2017: Mehr zu Schilddrüsenkrebs

Fukushima: 2011-03-11  -   2017-03-11
Sechs Jahre Danach

Follow Up on Thyroid Cancer!
Patient Group Voices Opposition to Scaling Down the Fukushima Prefectural Health Survey¹

Aihara Hiroko
Translation by Yuki Miyamoto
Introduction by Eiichiro Ochiai

INTRODUCTION
More than five years have elapsed since the great earthquake and the accompanying huge tsunami (on 3.11 of 2011), and its subsequent disaster at the Fukushima Dai-ichi Nuclear Power Plant of the Tokyo Electric Power Co. Three nuclear reactors there underwent explosions and another, though without explosion, was highly damaged. A large amount of radioactive material has been and is still being released as a result of the accidents.

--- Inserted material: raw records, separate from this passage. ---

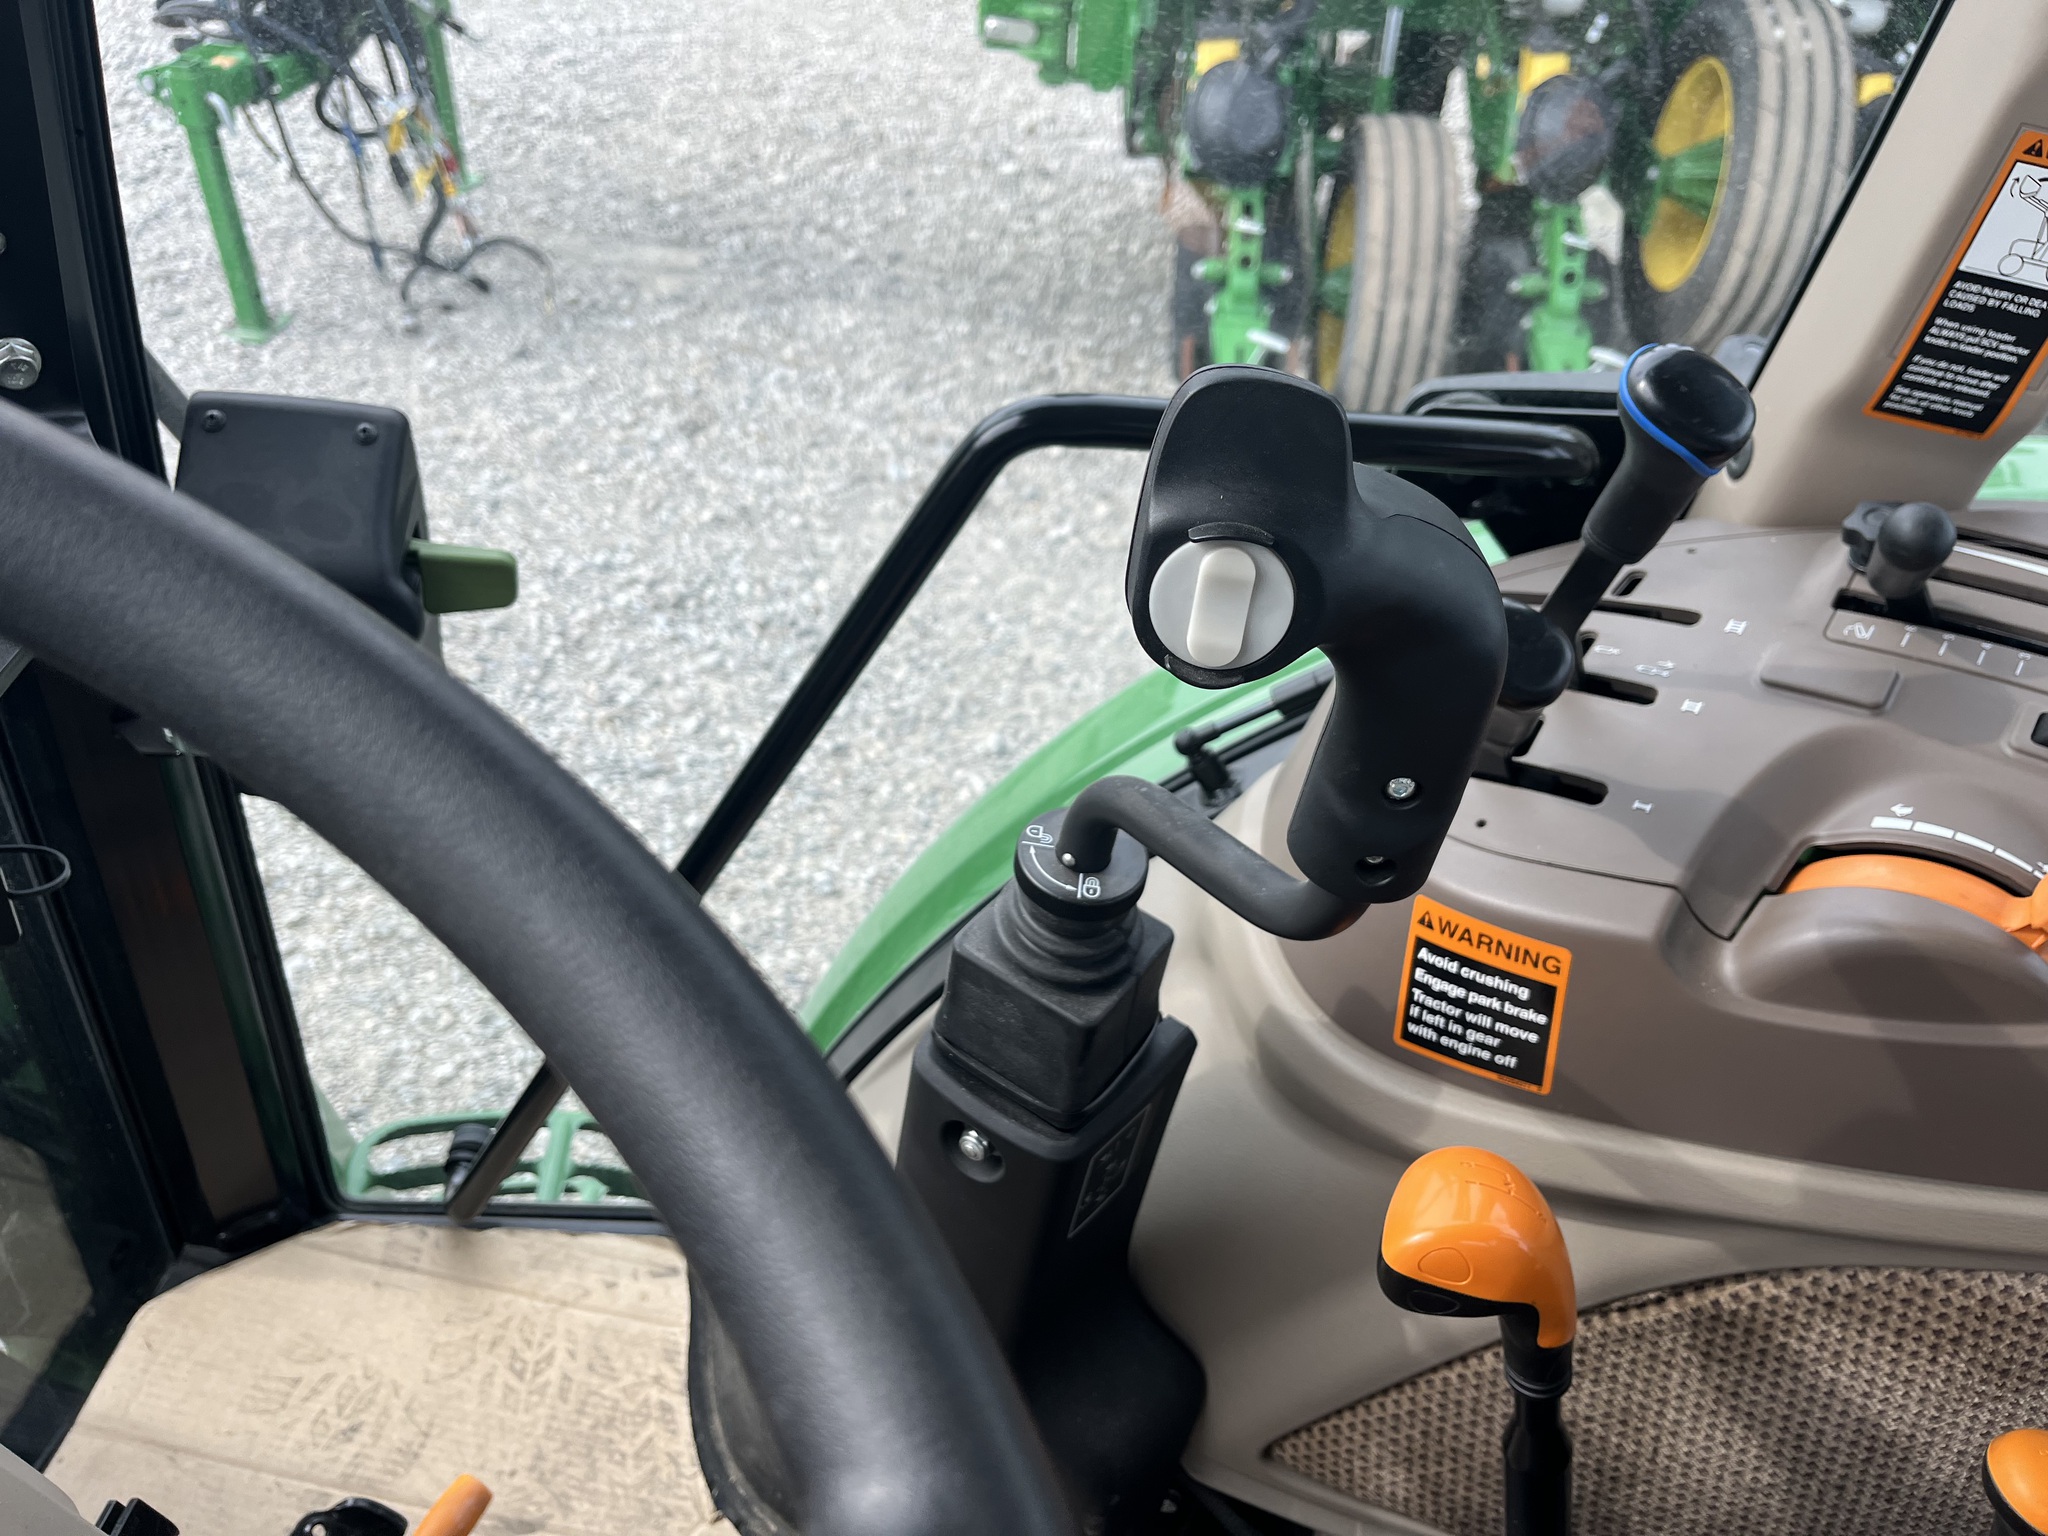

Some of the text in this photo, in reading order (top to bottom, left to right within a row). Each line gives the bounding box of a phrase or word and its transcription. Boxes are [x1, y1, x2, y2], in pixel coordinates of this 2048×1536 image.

[1942, 298, 1976, 313] LOADS
[1948, 289, 2041, 318] CAUSED BY FALLING
[1953, 280, 2048, 310] AVOID INJURY OR DEA
[1934, 317, 1960, 330] When
[1438, 916, 1561, 975] WARNING
[1414, 967, 1549, 1025] Engage park brake
[1417, 947, 1531, 1001] Avoid crushing
[1409, 1004, 1503, 1047] if left in gear
[1412, 988, 1540, 1044] Tractor will move
[1407, 1021, 1519, 1069] with engine off

Aside from the very difficult issues of how to deal with the melted nuclear fuel rods and with the increasing amount of contaminated water, people all over Japan, particularly those in Fukushima prefecture, are concerned with the effects of radiation on human health from the released radioactive material.  

One disease, childhood thyroid cancer, has been recognized even by the authorities including the International Atomic Energy Agency (IAEA) and International Commission of Radiation Protection (ICRP), as the result of radiation released by the 1986 Chernobyl disaster in today’s Ukraine. Hence Fukushima Prefecture initiated a health survey of Fukushima citizens, including evacuees, that included scanning for thyroid abnormalities of all children under age 18 at the time of the accidents. It turned out that a large number of children have contracted thyroid cancers over the last five years: 172 out of ca. 380,000 children by the end of 2015. The majority of them have undergone surgery, and many have been found to have metastasized. This number , and the annual rate per 1,000,000, ca 90, is unusually high, compared with the rate 1 to 3 per 1,000,000 under normal circumstances.

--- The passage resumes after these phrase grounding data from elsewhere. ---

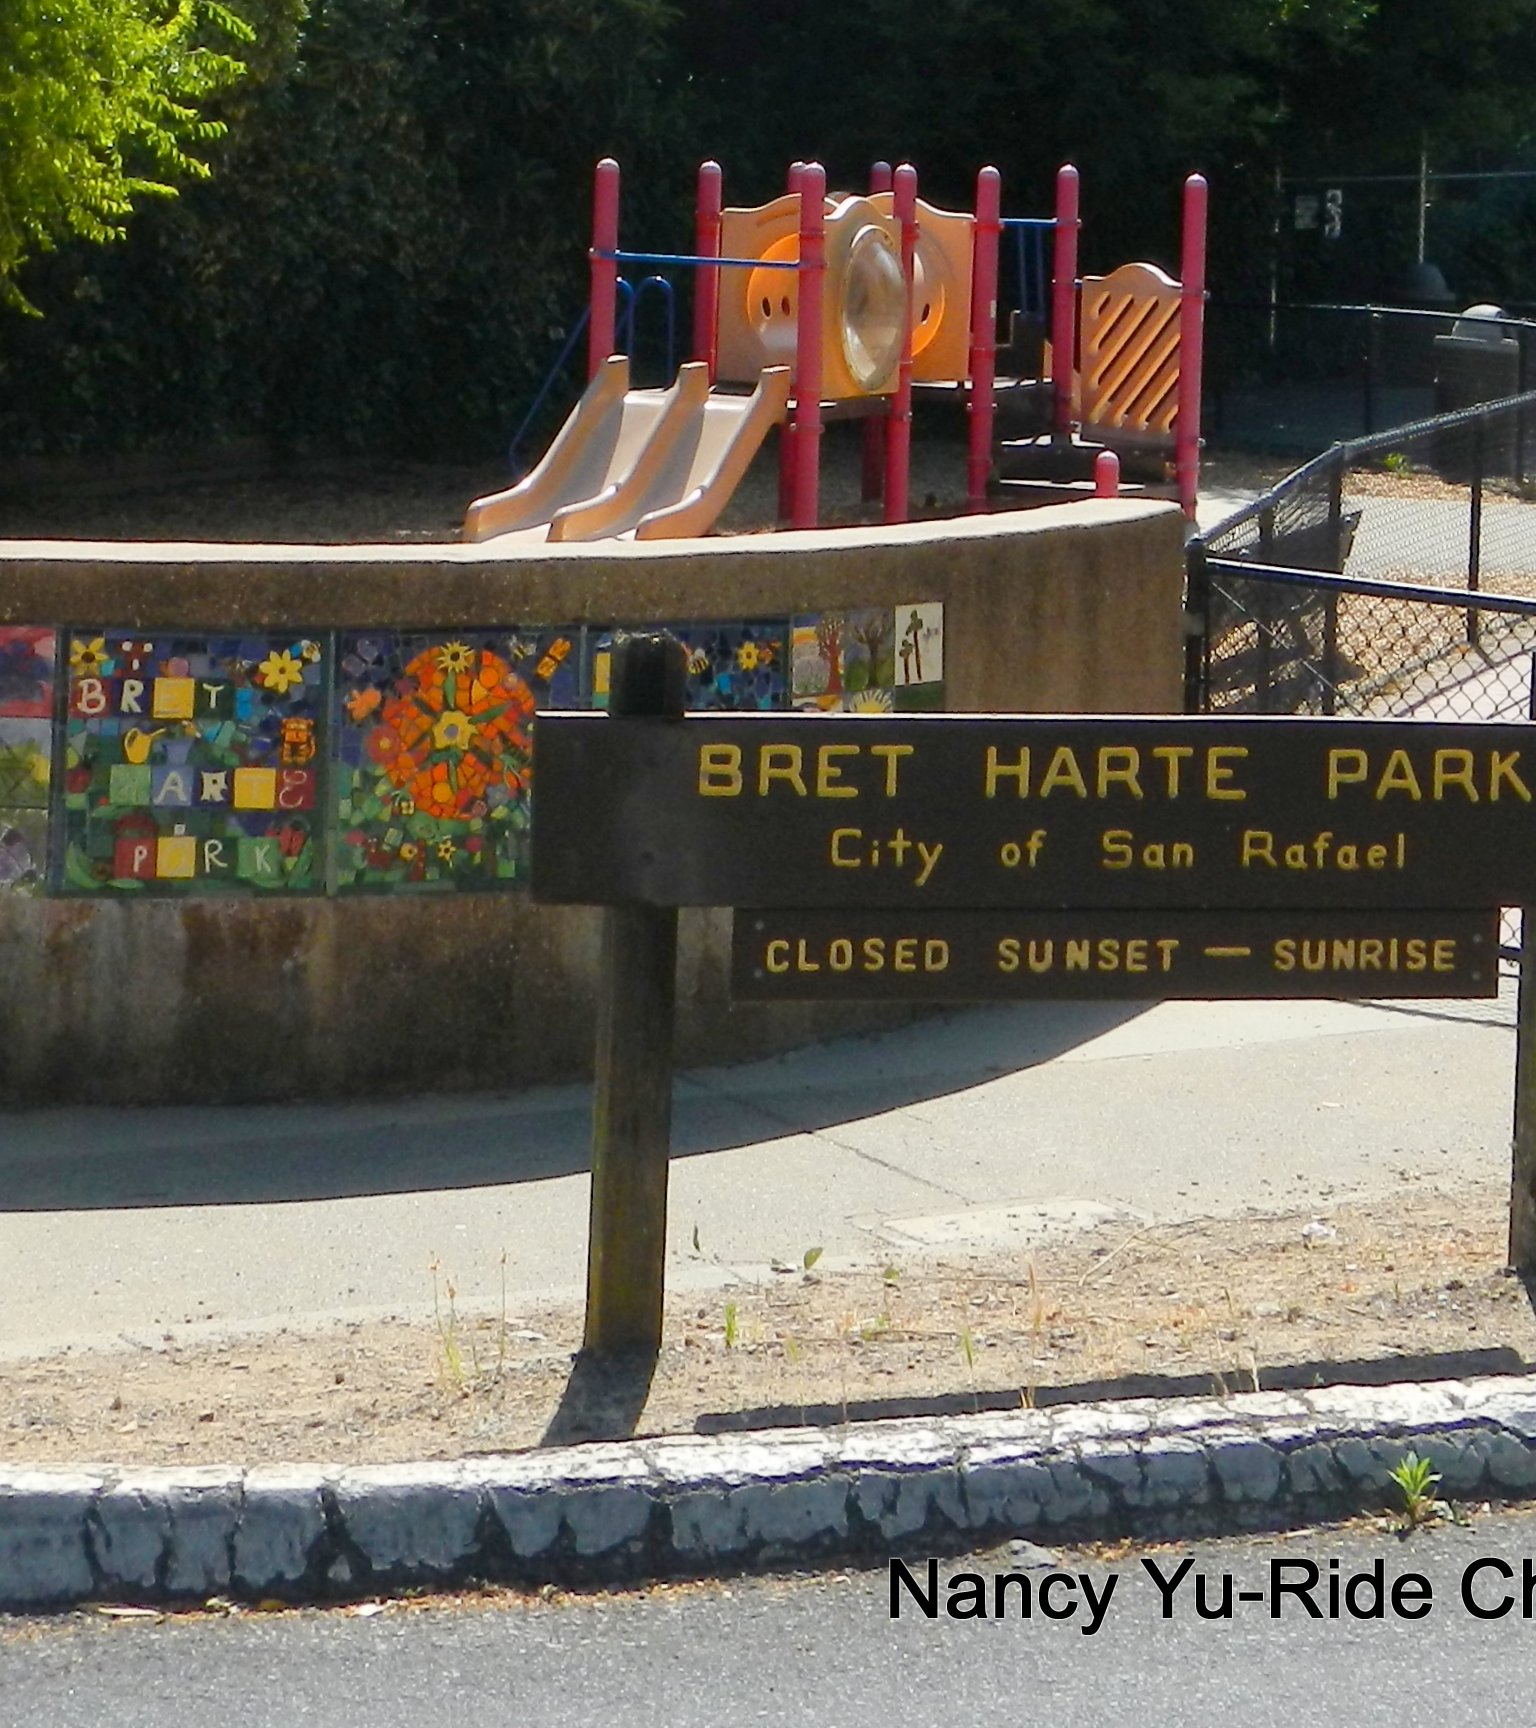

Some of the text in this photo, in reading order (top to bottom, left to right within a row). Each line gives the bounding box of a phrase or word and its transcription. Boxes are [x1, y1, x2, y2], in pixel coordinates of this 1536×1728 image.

[74, 677, 225, 716] BRET
[112, 765, 306, 809] ARTE
[697, 742, 1533, 803] BRET HARTE PARK
[830, 827, 1406, 886] City of San Rafael
[765, 936, 950, 974] CLOSED
[997, 937, 1180, 973] SUNSET
[1273, 937, 1457, 972] SUNRISE

The Fukushima prefectural government and the organization charged with conducting the examination are trying to rationalize the results in many ways, without invoking the radiation impact of the reactor meltdowns. If this is indeed unrelated to the radiation from the damaged Fukushima Nuclear Power Plants, a similarly high rate of thyroid cancer should be found all over Japan. ....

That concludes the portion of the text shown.